When interviewing juniors, I make them install a new-to-them-language and the job interview exercise is "do this one thing". Since they're juniors, I give them a bulleted list of things to do (so there's no trick). I'm testing to see if they can

1. read and follow directions

2. read other people's documentation

3. ask for help

4. poke around and try things

Most companies will hire a smart person and give them the time to ramp up on the job... I had to learn 3 languages at my very first backend job. They hired me because I was smart. It took me over a month to get fully onboarded and that was their expectation.
Pivotal expects this as a matter of course.

The interview involves full-time pairing for a day, and you (probably) won't know one of the programming languages.

Pivotal does full-time pairing, and an experienced pairs should expected to pick up languages from new teams on-the-fly. After all, the rest of the team knows the language, and you'll get constant real-time mentorship as part of daily rotations.

This is perhaps the thing that sold me on full-time pairing: you can join a team, not even know the programming language, and contribute value to your team from day one.

As an introvert working alone and remote for 13 years, full-time pairing sounds like a nightmare.
It really depends on the experience.

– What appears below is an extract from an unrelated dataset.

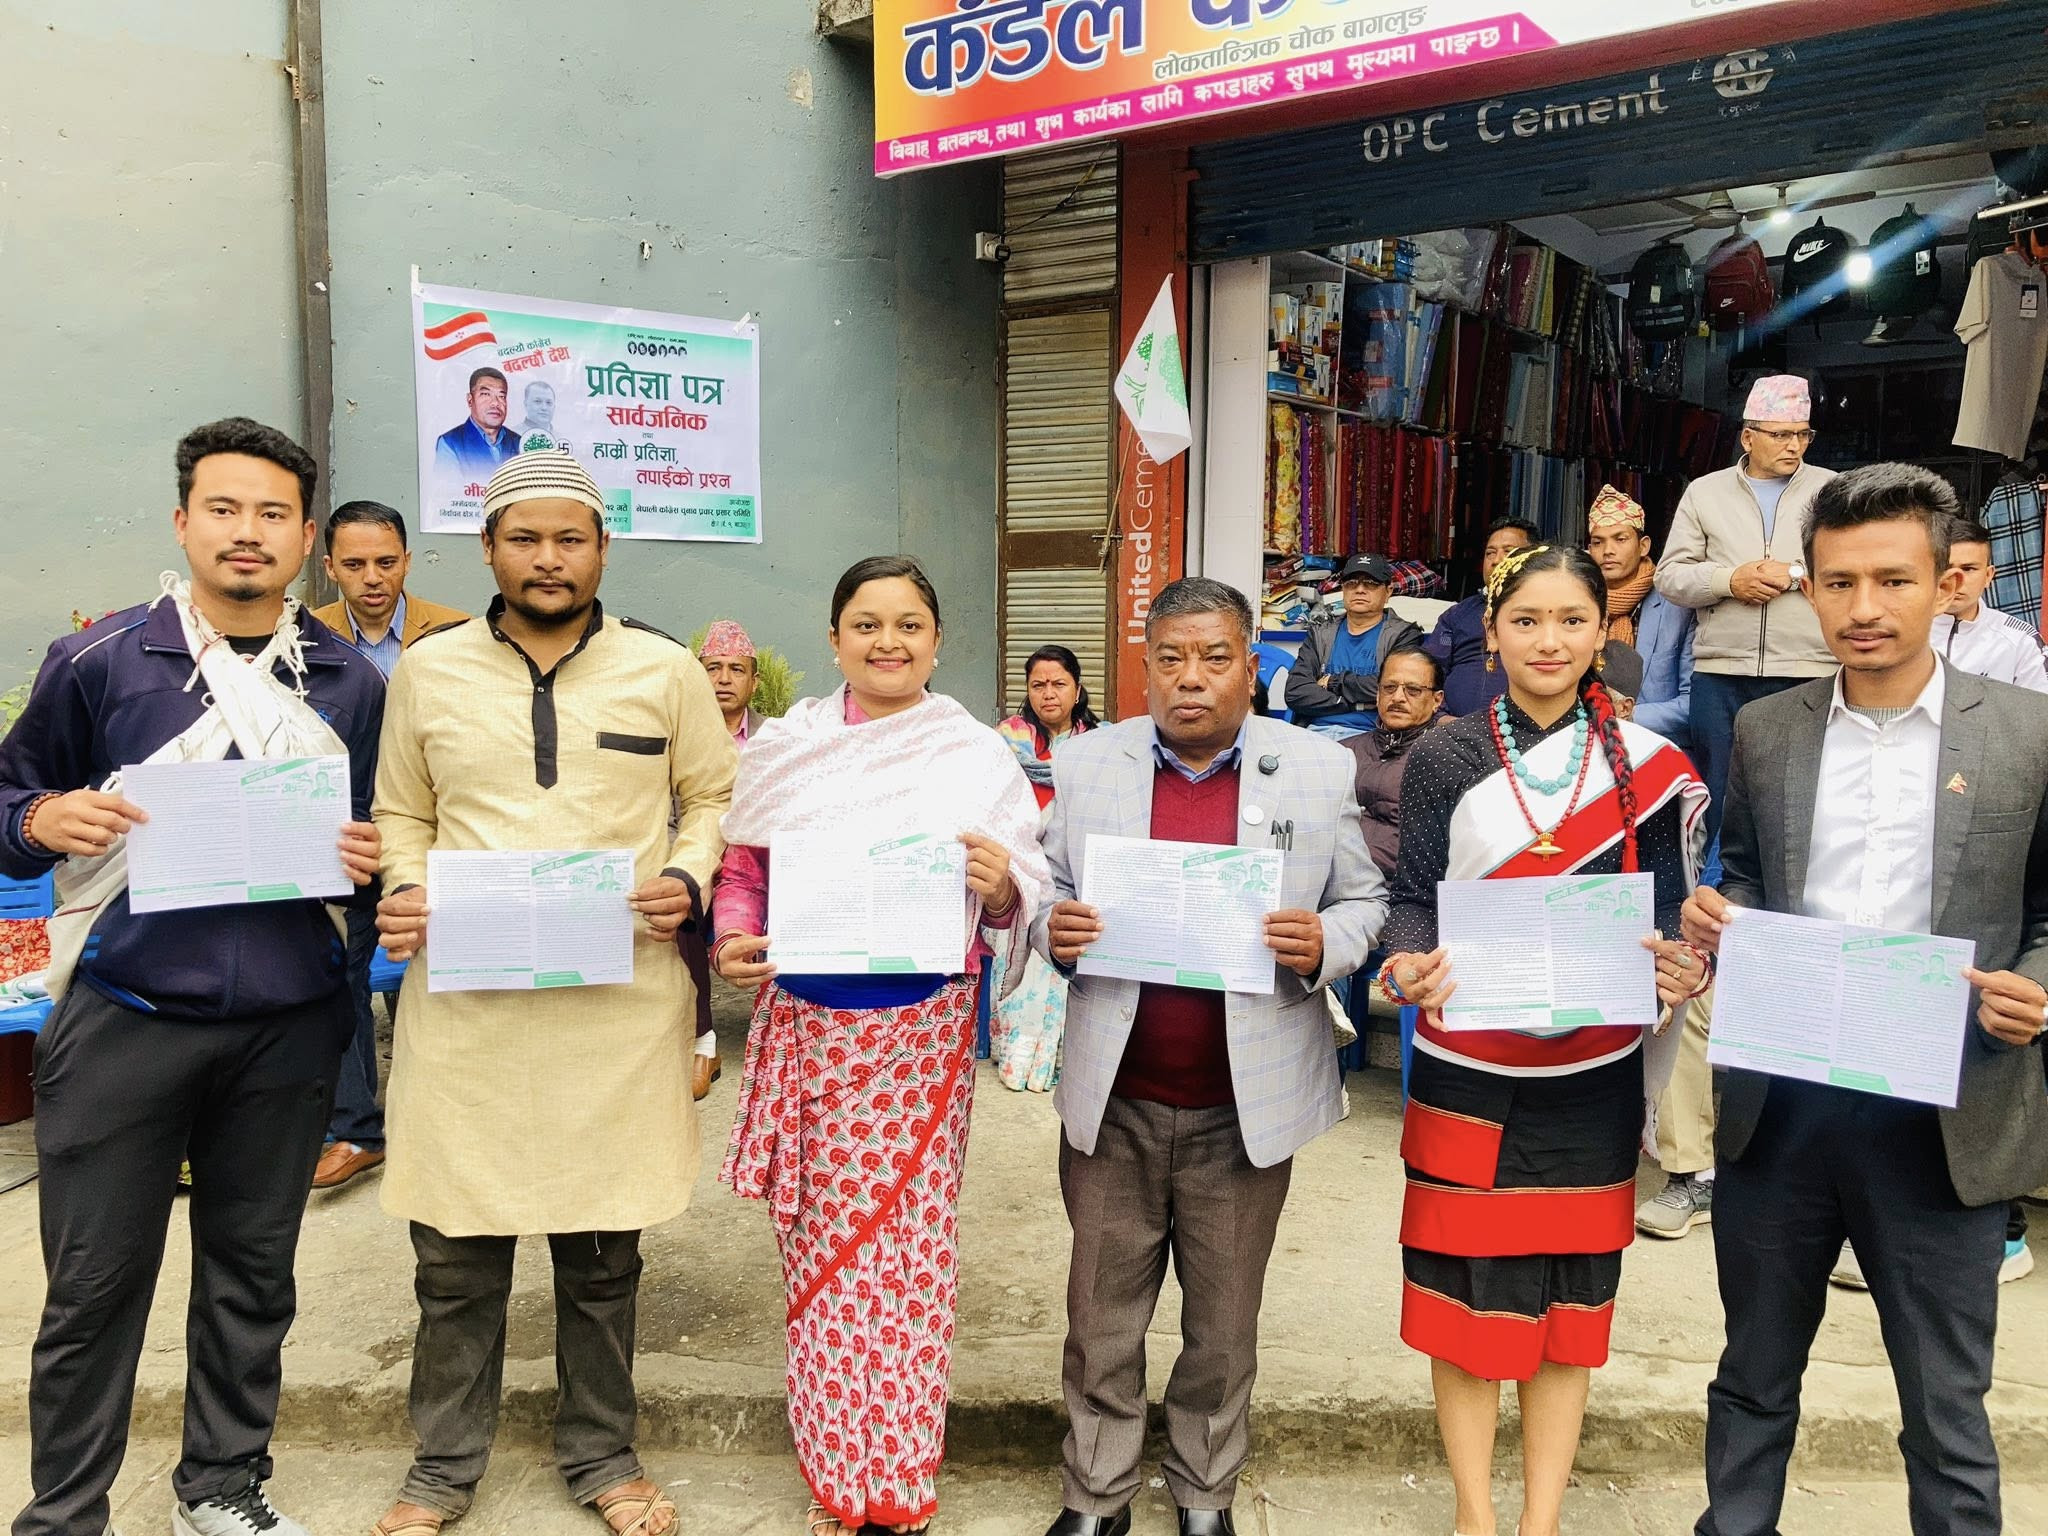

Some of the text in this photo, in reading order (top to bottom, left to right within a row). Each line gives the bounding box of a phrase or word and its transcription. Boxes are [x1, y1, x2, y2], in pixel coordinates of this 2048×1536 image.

If you're a beginner and it's your first web job, sure, that's harsh/unreasonable. If you're coming from years of python/JS like the author and soon for a senior-ish position? I don't see anything wrong with it. (As a task itself. As part of an interview... that's complicated)
I once learned Vue on the go as I reimplemented the company's admin dashboard from static rails-generated templates to a SPA. In a week. As a paid project assignment. It was wild, but super fun. They took too long to make an offer, though, and I ended up somewhere else.

I also completely forgot all about Vue in the mean time.

That's actually exactly the kind of skill I'd look for in a new hire. I don't care which crunchy items you list on your resume so much as your ability to learn and integrate new technical information quickly (as well as a host of other skills, of course).

That said, learning a new thing does take a lot of time, so if I were asking a person to do that I would either commit to hiring them if they complete the learning challenge, or pay them for their time spent that week.

> That's actually exactly the kind of skill I'd look for in a new hire. I don't care which crunchy items you list on your resume so much as your ability to learn and integrate new technical information quickly (as well as a host of other skills, of course).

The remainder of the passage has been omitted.